Stored items from a collection:
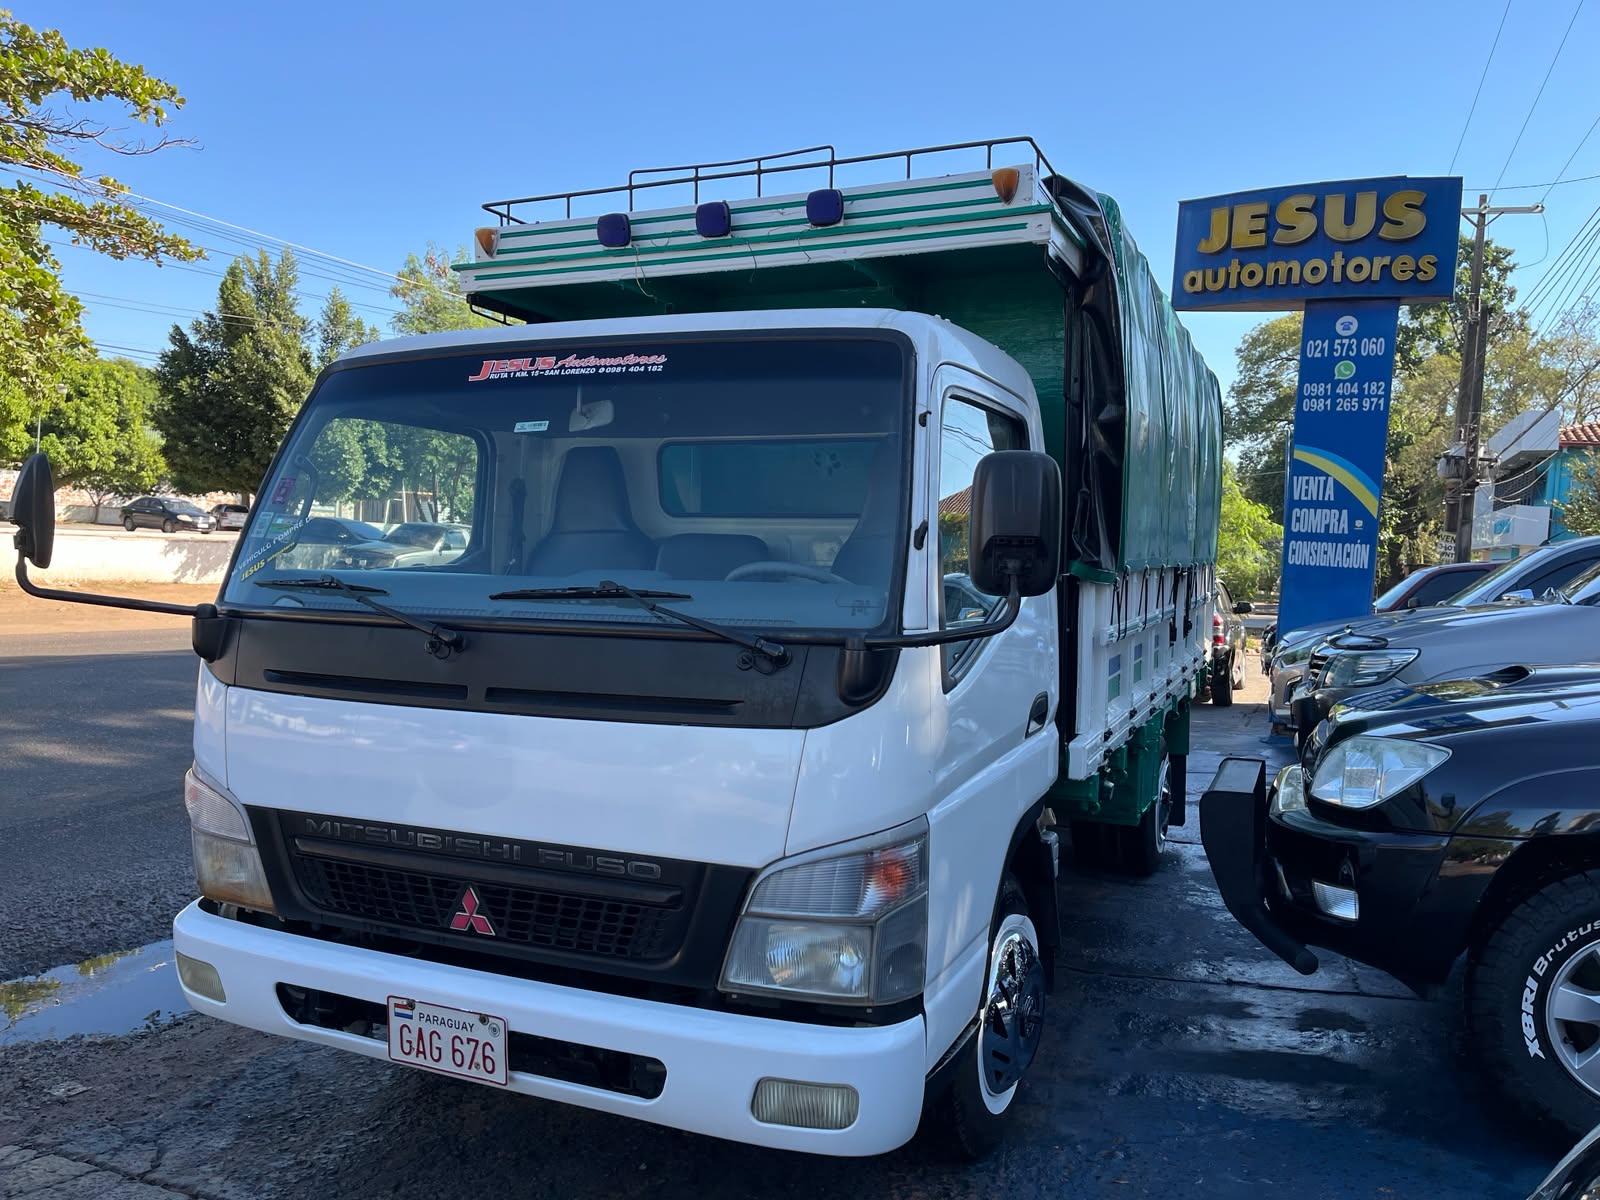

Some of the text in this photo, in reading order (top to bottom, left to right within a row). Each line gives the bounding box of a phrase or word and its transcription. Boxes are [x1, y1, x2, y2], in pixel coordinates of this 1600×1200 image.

[1197, 190, 1427, 255] JESUS
[1182, 251, 1438, 295] automotores
[1306, 338, 1385, 358] 021 573 060
[468, 353, 668, 381] JESUS Automotores
[489, 371, 508, 380] RUTA
[561, 367, 596, 376] LORENZO
[647, 364, 663, 372] 182
[1303, 381, 1385, 397] 0981 404 182
[1302, 397, 1385, 411] 0981 265 971
[1292, 475, 1335, 501] VENTA
[1291, 508, 1349, 535] COMPRA
[1288, 539, 1370, 569] CONSIGNACIÓN
[240, 559, 265, 582] JESUS
[304, 817, 661, 880] MITSUBISHI FUSO
[418, 1012, 475, 1033] PARAGUAY
[1521, 975, 1546, 1060] XBRI
[399, 1023, 496, 1075] GAG 676
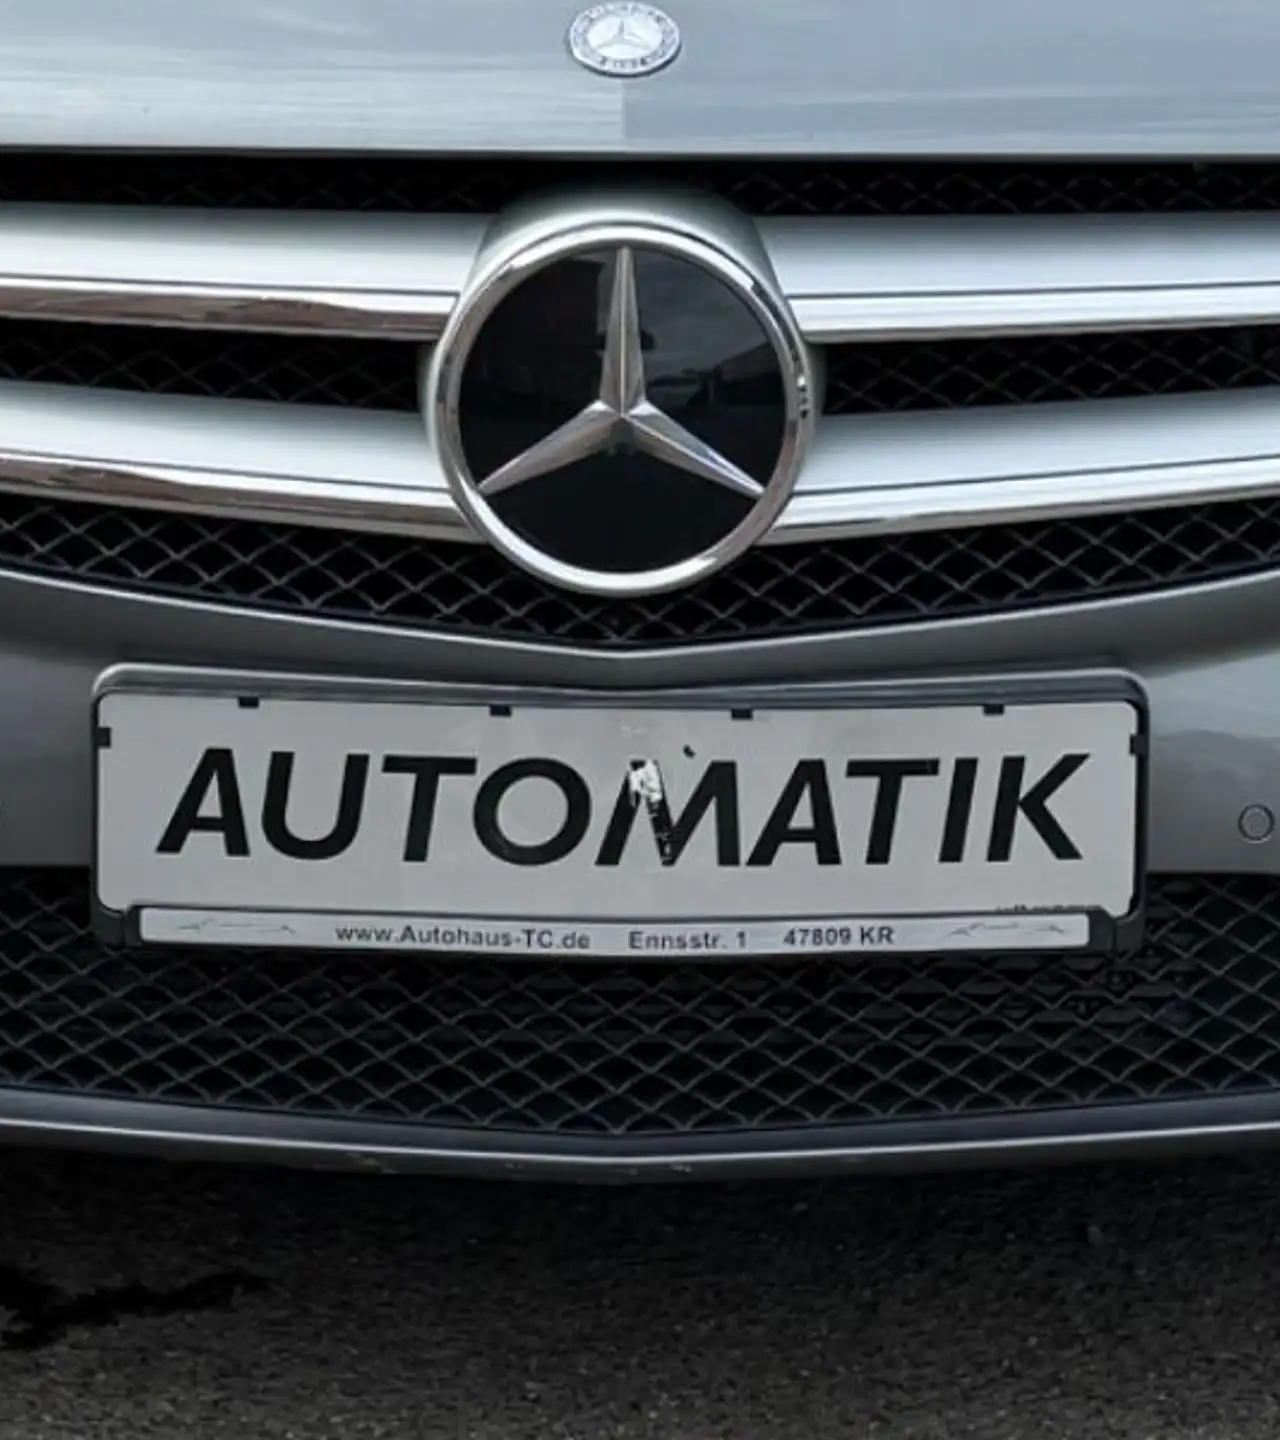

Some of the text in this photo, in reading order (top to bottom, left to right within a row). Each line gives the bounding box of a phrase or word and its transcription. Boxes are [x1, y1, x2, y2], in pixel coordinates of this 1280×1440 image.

[156, 747, 1091, 867] AUTOMATIK
[335, 924, 894, 951] www.Autohaus-TC.de Ennsstr. 1 47809 KR
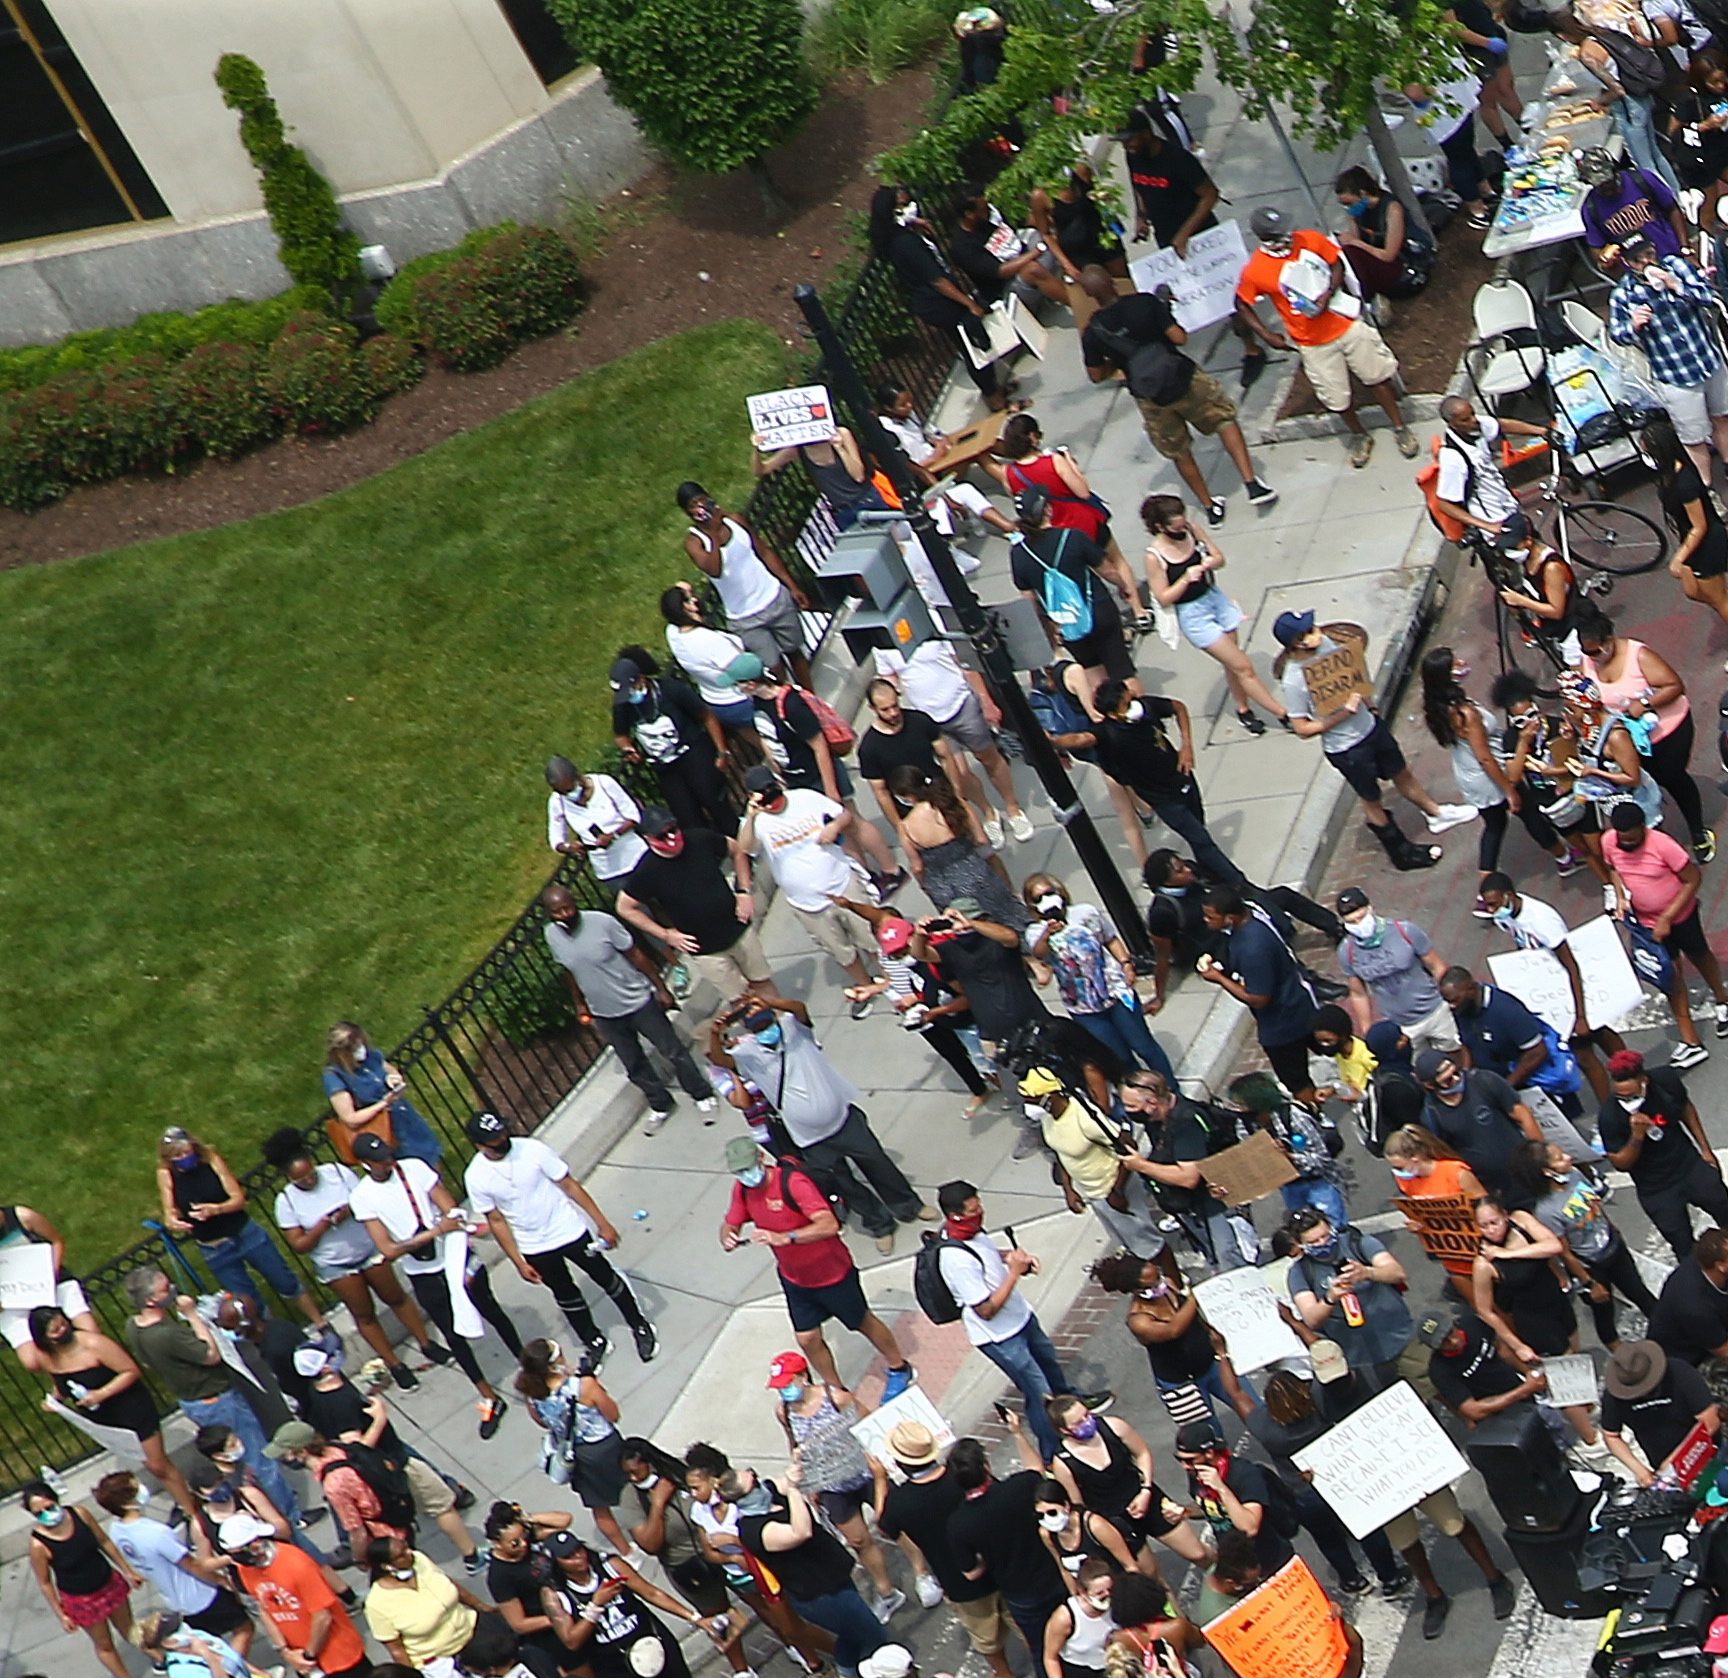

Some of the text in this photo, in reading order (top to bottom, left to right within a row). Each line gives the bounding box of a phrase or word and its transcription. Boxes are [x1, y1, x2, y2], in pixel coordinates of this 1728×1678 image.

[1145, 251, 1178, 277] YOU
[752, 390, 812, 413] BLACK
[754, 405, 812, 429] LIVES
[1305, 650, 1355, 684] DEFUND
[1309, 669, 1363, 702] DISARM
[1428, 1215, 1479, 1235] OUT
[1428, 1231, 1491, 1251] NOW
[859, 1396, 932, 1444] BLM
[1355, 1384, 1414, 1431] BELIEVE
[1314, 1408, 1418, 1487] WHAT YOU SAY
[1327, 1447, 1399, 1503] BECAUSE
[1406, 1417, 1441, 1448] SEE
[1352, 1456, 1419, 1510] WHAT YOU

== What needs to be done ==
Could you set down exactly the lines from the one containing "this 1728×1678 image." through the last line of the records above, both included?

== Completed task ==
Some of the text in this photo, in reading order (top to bottom, left to right within a row). Each line gives the bounding box of a phrase or word and its transcription. Boxes are [x1, y1, x2, y2], in pixel coordinates of this 1728×1678 image.

[1145, 251, 1178, 277] YOU
[752, 390, 812, 413] BLACK
[754, 405, 812, 429] LIVES
[1305, 650, 1355, 684] DEFUND
[1309, 669, 1363, 702] DISARM
[1428, 1215, 1479, 1235] OUT
[1428, 1231, 1491, 1251] NOW
[859, 1396, 932, 1444] BLM
[1355, 1384, 1414, 1431] BELIEVE
[1314, 1408, 1418, 1487] WHAT YOU SAY
[1327, 1447, 1399, 1503] BECAUSE
[1406, 1417, 1441, 1448] SEE
[1352, 1456, 1419, 1510] WHAT YOU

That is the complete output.